КОТ БОЙКО: КРОШКА МОЯ
С ума можно сойти — как душевно кормят в «Бетимпексе»! Лора сновала по кухне, расставляя на столе яства, угощения и выпивку, которые мы добыли из бездонного баула. Они не помещались на столешнице, и Лора их пристраивала в беспорядке на буфете, плите и подоконнике.
В тесном неудобном пространстве она двигалась сноровисто, ловко, я смотрел на нее — сказочное, нездешнее, неотсюдное животное, гибкое, быстрое, тонкое, с гривой золотисто-рыжих, будто дымящихся волос, — и каждый раз, как она пробегала мимо, я быстро целовал ее-в круглую поджаристую попку, в грудь, в упругий и нежный живот, в плечи, в затылок.
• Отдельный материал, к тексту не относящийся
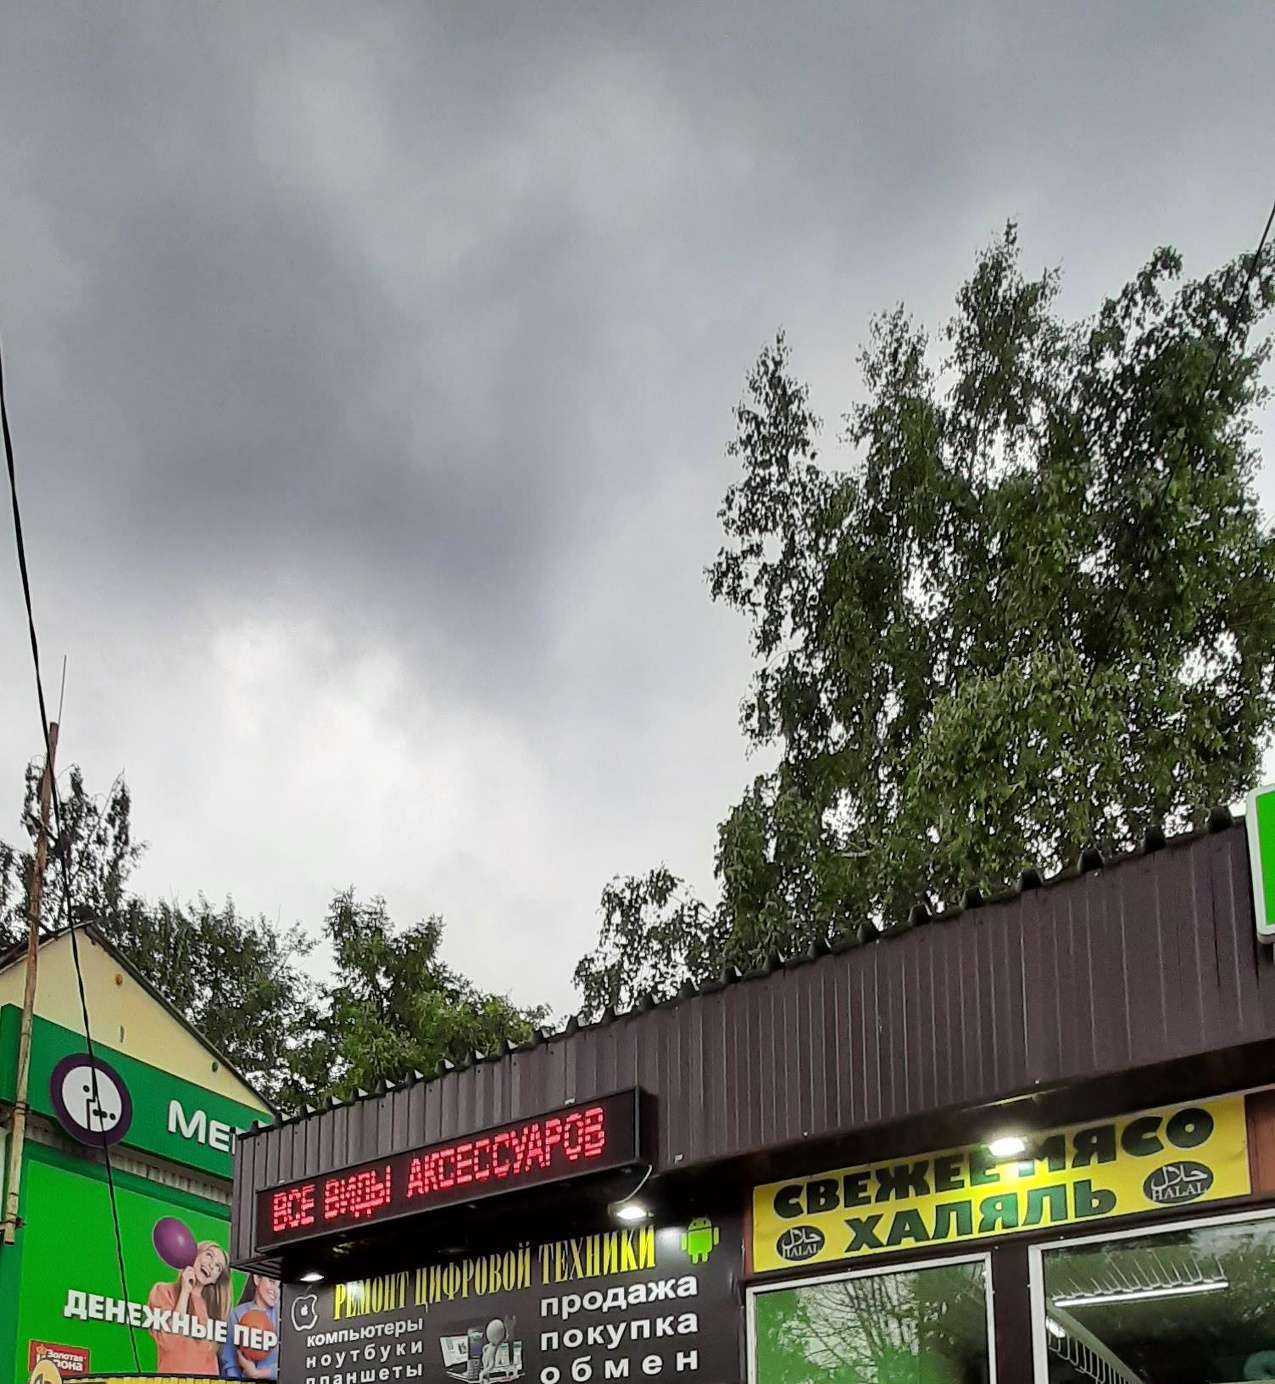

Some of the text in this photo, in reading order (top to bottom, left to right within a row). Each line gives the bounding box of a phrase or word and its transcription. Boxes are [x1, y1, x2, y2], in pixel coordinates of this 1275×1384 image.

[273, 1107, 605, 1232] ВСЕ ВИДЫ АКСЕССУАРОВ
[1151, 1165, 1208, 1190] حلال
[1152, 1182, 1207, 1200] HALAL
[845, 1179, 1118, 1253] ХАЛЯЛЬ
[333, 1225, 656, 1321] РЕМОНТ ЦИФРОВОЙ ТЕХНИКИ
[541, 1273, 698, 1319] продажа
[64, 1289, 278, 1351] ДЕНЕЖНЫЕ ПЕР
[307, 1317, 423, 1348] компьютеры
[541, 1309, 698, 1352] покупка
[306, 1340, 423, 1370] ноутбуки
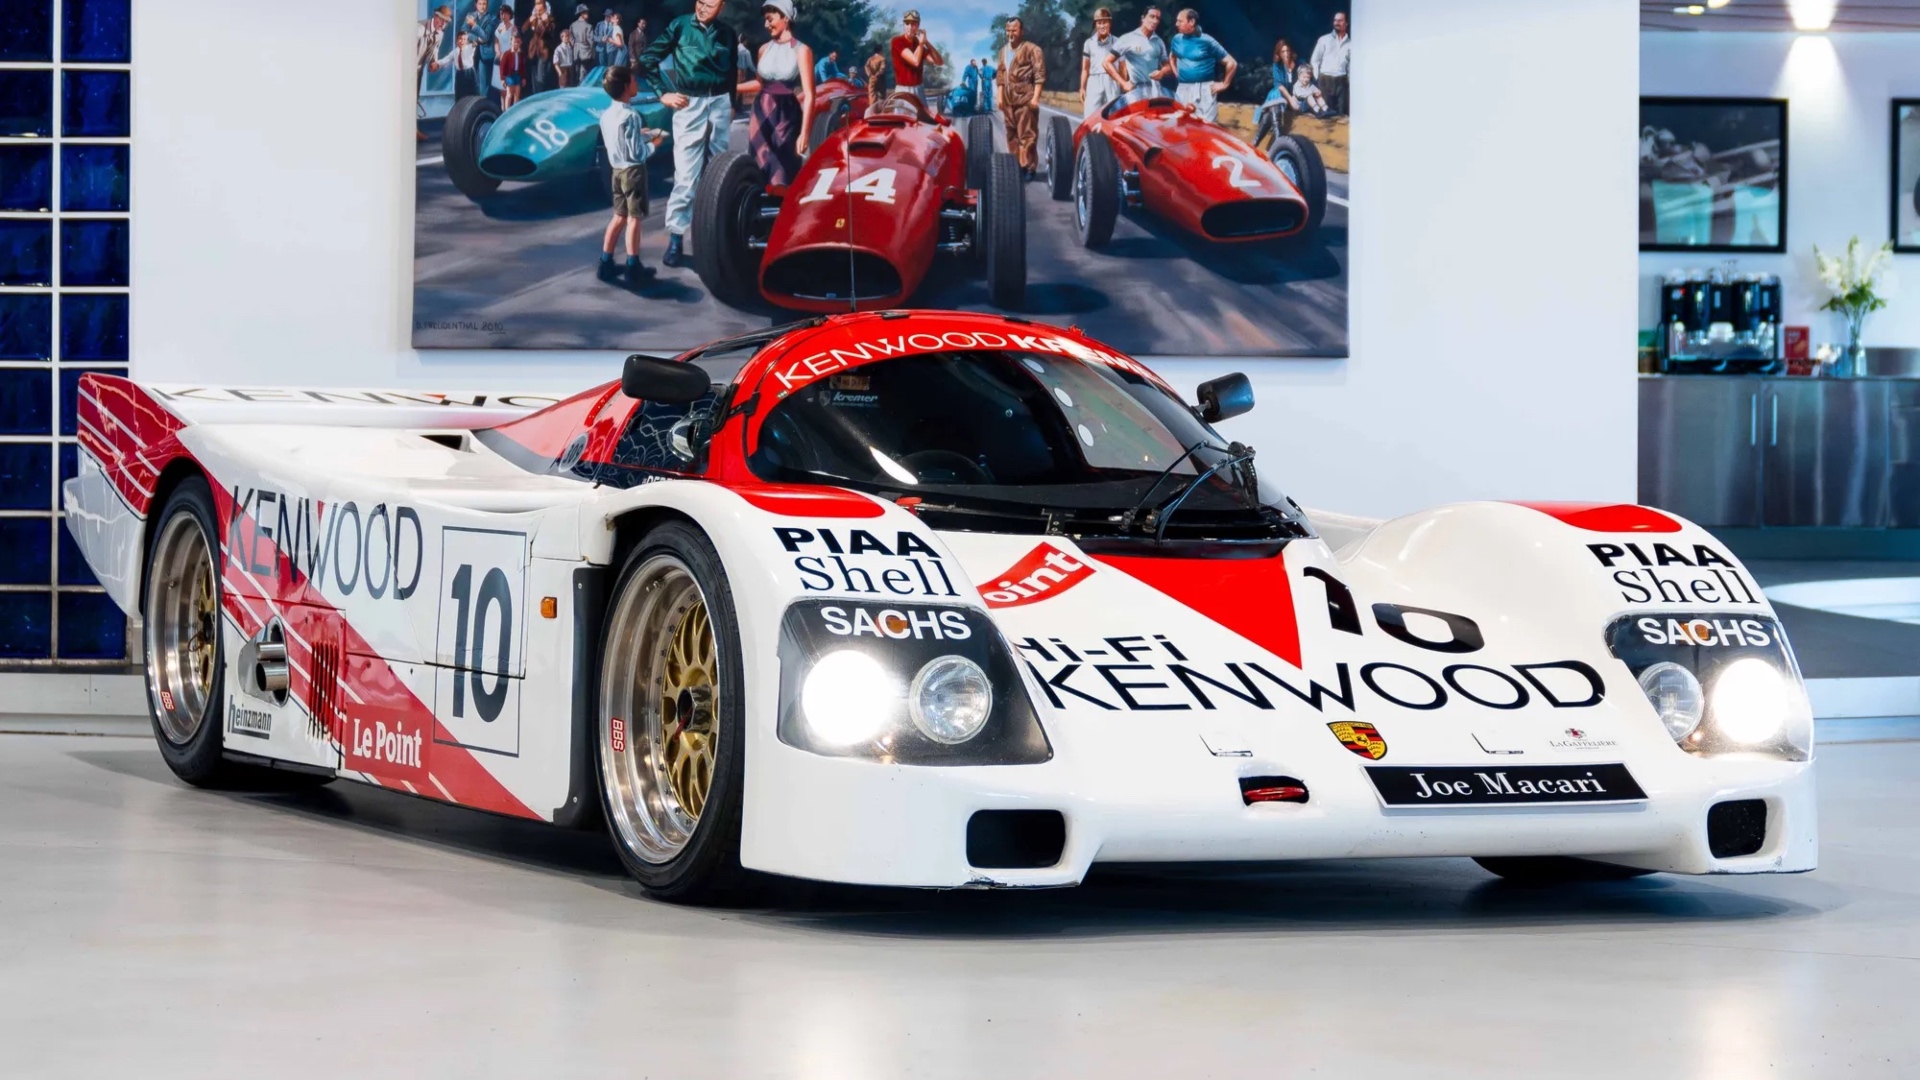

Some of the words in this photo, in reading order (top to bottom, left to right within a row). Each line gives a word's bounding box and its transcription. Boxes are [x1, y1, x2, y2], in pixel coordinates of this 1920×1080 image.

[524, 119, 569, 150] 18
[798, 167, 897, 204] 14
[1210, 155, 1261, 188] 2
[774, 332, 1008, 390] KENWOOD
[833, 391, 879, 402] kremer
[225, 486, 423, 600] KENWOOD
[773, 527, 942, 558] PIAA
[1585, 543, 1736, 568] PIAA
[794, 556, 961, 597] Shell
[1613, 568, 1761, 604] Shell
[820, 606, 972, 640] SACHS
[1643, 617, 1770, 648] SACHS
[450, 563, 513, 723] 10
[161, 691, 174, 710] BBS
[1030, 661, 1606, 712] KENWOOD
[227, 695, 272, 740] heinzmann
[352, 719, 374, 757] Le
[378, 722, 422, 769] Point
[611, 719, 625, 751] BBS
[1409, 774, 1473, 798] Joe
[1473, 773, 1606, 794] Macari
Она тихонько, будто испуганно, взвизгивала, как струнка на гитаре, и вроде бы сердито говорила:
— Ну перестань!… Сейчас все уроню!… Не мешай!… Но любой маршрут прокладывала ближе к табуреточке, на которой я восседал, как давеча Леонид Парфенов, рассказывающий о моих былых подвигах.
А может быть, плюнуть на все и замуроваться в этой фатере навсегда? Лора будет мой бочонок Амантильядо. Никогда и никуда больше не соваться…
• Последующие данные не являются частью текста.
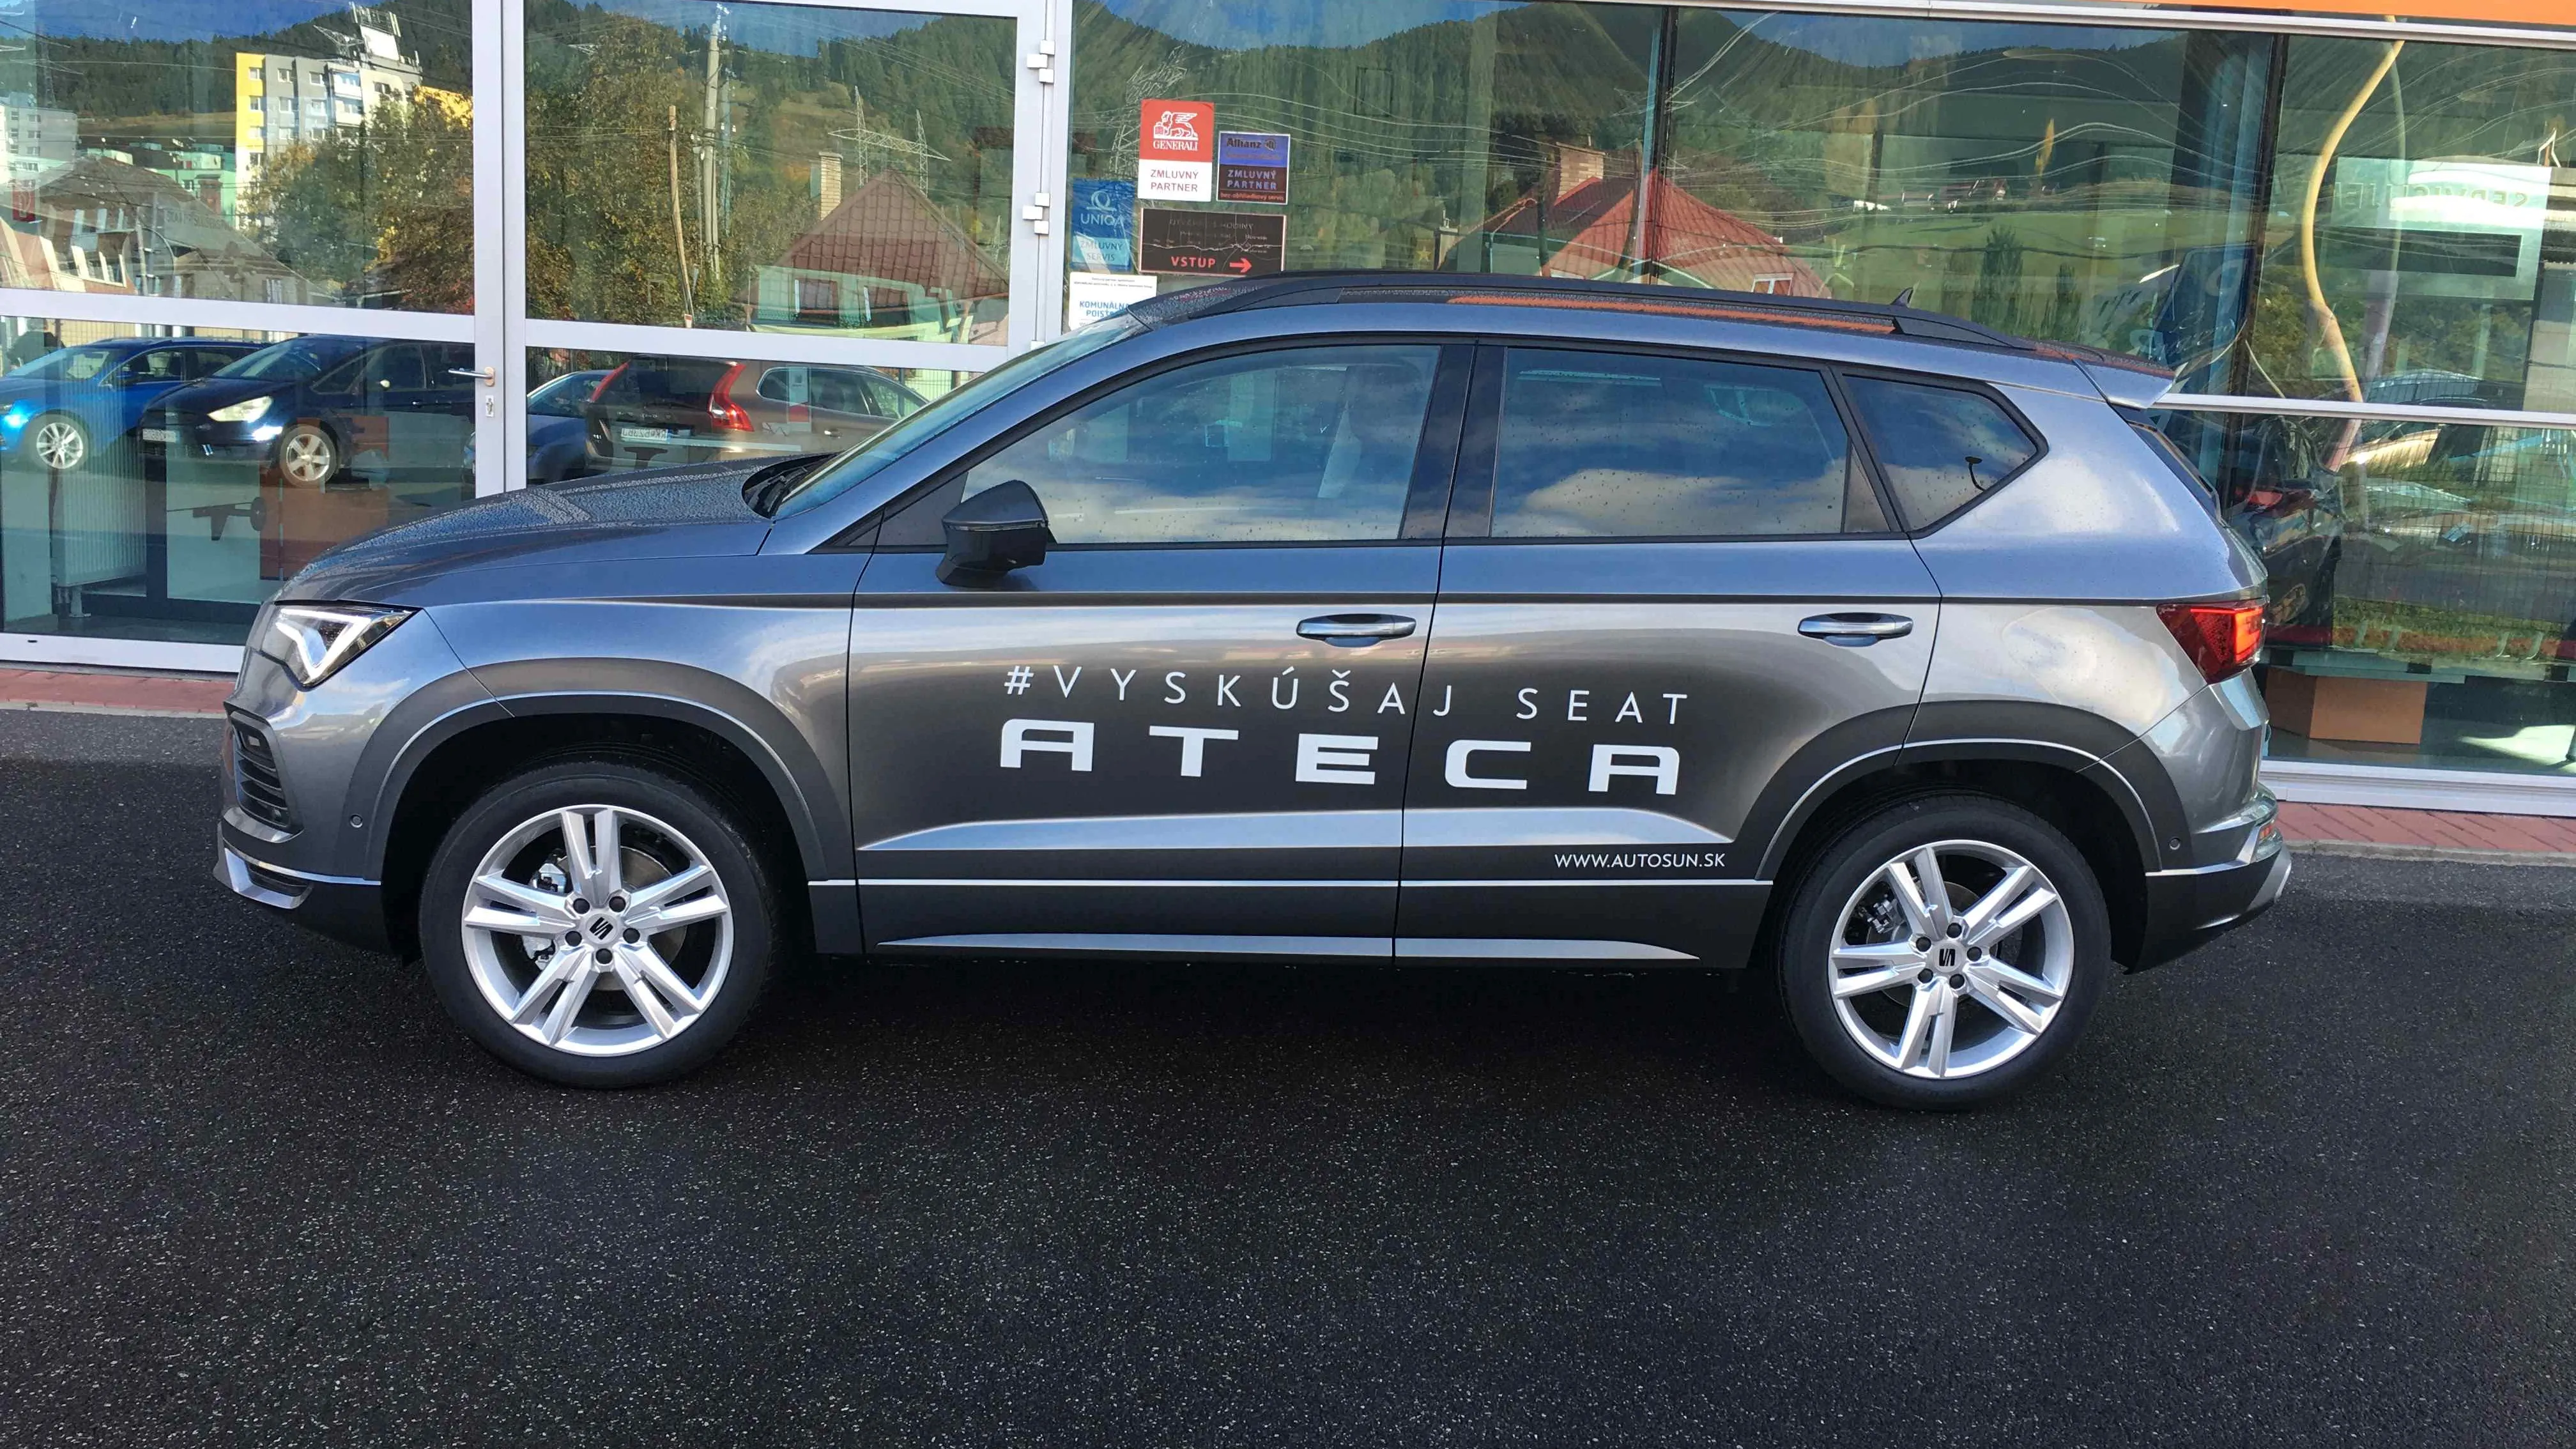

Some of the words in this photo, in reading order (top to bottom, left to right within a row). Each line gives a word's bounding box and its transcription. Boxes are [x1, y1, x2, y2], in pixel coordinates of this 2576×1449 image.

[1153, 140, 1199, 151] GENERALI
[1226, 137, 1262, 148] Allianz
[1151, 167, 1199, 180] ZMLUVNÝ
[1228, 169, 1276, 180] ZMLUVNÝ
[1151, 181, 1198, 192] PARTNER
[1227, 180, 1276, 190] PARTNER
[1080, 213, 1124, 227] UNIQA
[1086, 252, 1115, 261] SERVIS
[1170, 256, 1216, 268] VSTUP
[1004, 665, 1452, 717] #VYSKÚŠAJ
[1516, 687, 1687, 724] SEAT
[1000, 718, 1680, 795] ATECA
[1554, 852, 1726, 868] WWW.AUTOSUN.SK
— Все! Готово! Прошу за стол!
Икра, осетрина, семга, крабы, ростбиф, салаты, овощи, расстегаи к супу и мясо в блестящих ресторанных судках и на подносах. Я вспомнил, что, как наркоман в ломке, второй день во рту маковой соломки не держал, проглотил кусок осетрины и заорал:
— Господи! Наслаждение, близкое к половому!
— Сколько же ты заплатил за это? — усаживаясь за стол, простодушно восхитилась Лора. — Состояние!
— Не преувеличивай… Одного черта пришлось обмануть, а его помощника-балду пришибить. И пожалуйста — кушать подано!
— Ну что ты выдумываешь всегда! — засмеялась Лора. — Наверное, все свои тюремные деньги потратил…
— О да! Я там круто заработал! — серьезно согласился я. — Но за ужин я рассчитывался не деньгами, а безналичными. Можно сказать — опытом.
— Это как?
— Понимаешь, ты не в курсе, есть мировая система финансовых операций — продажа опыта, — глотая огромные куски, просвещал я подругу. — Тюремный опыт — это высоколиквидный капитал для безналичных расчетов. Вроде пластиковых кредит-кард. Если нет налички, платишь из этого капитала. Коли счет невелик — получаешь сдачу…
— Ну объясни мне, Кот, почему ты такой врун?
— Не веришь? Мне — пламенному бойцу за правду? — тяжело огорчился я. — Меня всю жизнь называют Господин Правда. Мистер Тру. Месье Лаверите. Геноссе Вархайт. Коммунисты для своей газеты мое имя скрали, «Правдой» назвались…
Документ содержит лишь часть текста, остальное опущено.